MORE: Why Ibaka shares company with The Greek Freak
During this most recent stretch without Gasol and Siakam, it's been the unheralded Ibaka who has come through for Toronto, averaging 19.1 points and 11.5 rebounds per game during a career-high streak of eight straight games with a double-double which ended in the game that Gasol returned to the lineup. (For what it's worth, Ibaka started THAT game a perfect 6-6 from the floor).
That streak began on December 28 in an emphatic 16-point win on the road against Boston mere days after getting blown out by that same Celtics team at home on Christmas. While the timing doesn't exactly sync up with the absences of Gasol and Siakam, Ibaka has proved to be as reliable and steady as they come, offering up take-it-to-the-bank production during a stretch in which Toronto easily could have slid back down in a tight Eastern Conference.
Instead, the Raptors are right there in the thick of the race for the 2-seed in large part due to the consistent play of the NBA's most underappreciated player.

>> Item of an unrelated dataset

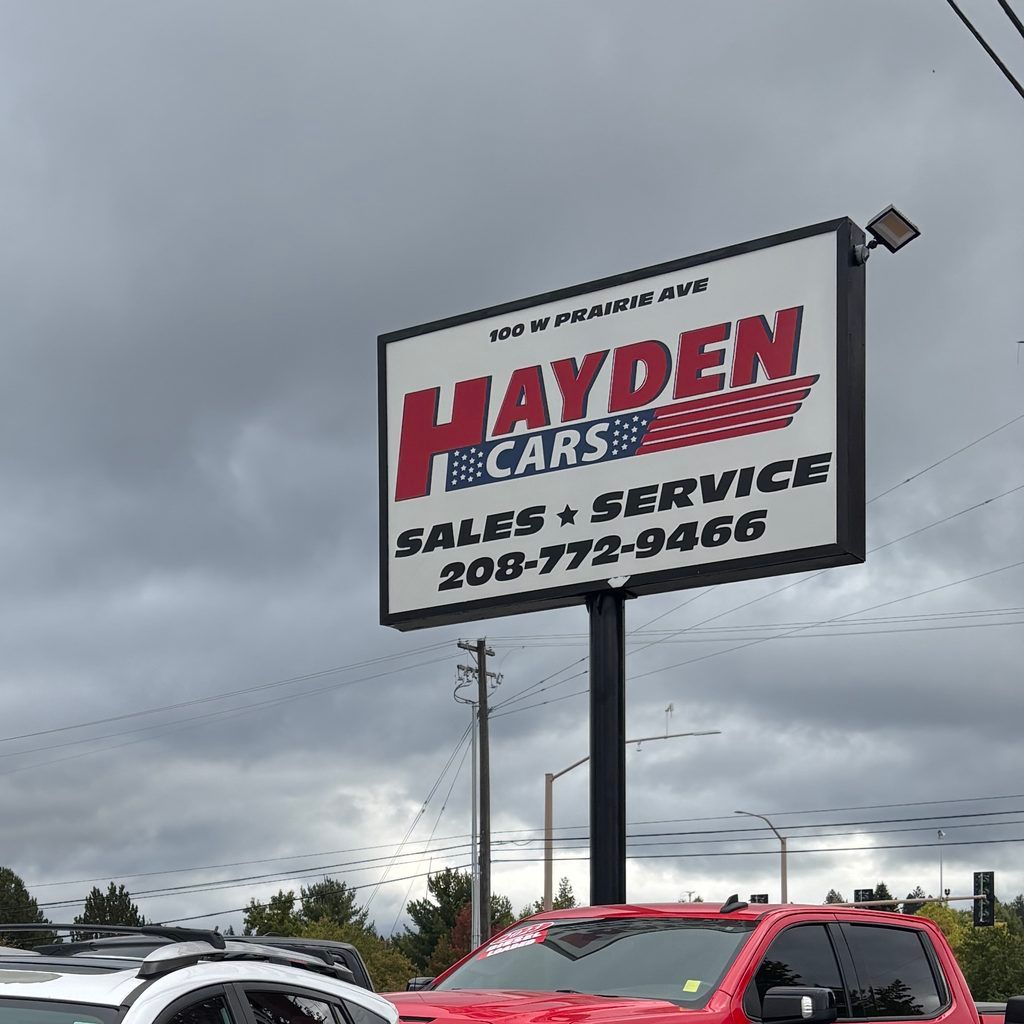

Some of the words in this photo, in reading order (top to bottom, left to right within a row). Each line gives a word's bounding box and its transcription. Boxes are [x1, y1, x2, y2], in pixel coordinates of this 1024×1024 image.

- Micah Adams (@MicahAdams13)
Fred VanVleet is a starting NBA guard
Through a quick scan, I counted five-and-a-half teams in the NBA that Fred VanVleet wouldn't start on.
The Boston Celtics, Houston Rockets, Oklahoma City Thunder, Portland Trail Blazers, Phoenix Suns and Sacramento Kings with the Utah Jazz being the half, as you could make the case that with the way Mike Conley has played this season when healthy, that VanVleet would be a better option alongside Donovan Mitchell.
Following a ridiculously impressive showing in the second half of the Raptors 2019 NBA Championship run, the question became "can Fred VanVleet take the next step as a full-time starting guard?"
Set to become an unrestricted free agent at the end of the season, the time was now for VanVleet to prove his true worth to the entire league. Prior to his injury, he showcased he's more than capable to be an everyday starting guard, or, if necessary, one of the best sixth men in the NBA.
VanVleet is averaging career-highs across the board in all the counting stats with 18.0 points, 7.0 assists, 3.9 rebounds and 1.9 steals per game. His uptick in playing time and opportunity has led to a decreased field goal percentage, but there's no denying his ability as a scorer or playmaker. He gives you 110% effort at all times on the defensive end and he's a proven floor general.
VanVleet played a huge role in keeping the Raptors afloat while Kyle Lowry and Serge Ibaka missed time with injuries earlier this season, further showing his value to this team.
He's missed the last handful of games due to a groin injury, but a 31-game sample size was enough to show he's more than capable of being a starting guard in the league.
- Kyle Irving (@KyleIrv_)
The views expressed here do not represent those of the NBA or its clubs.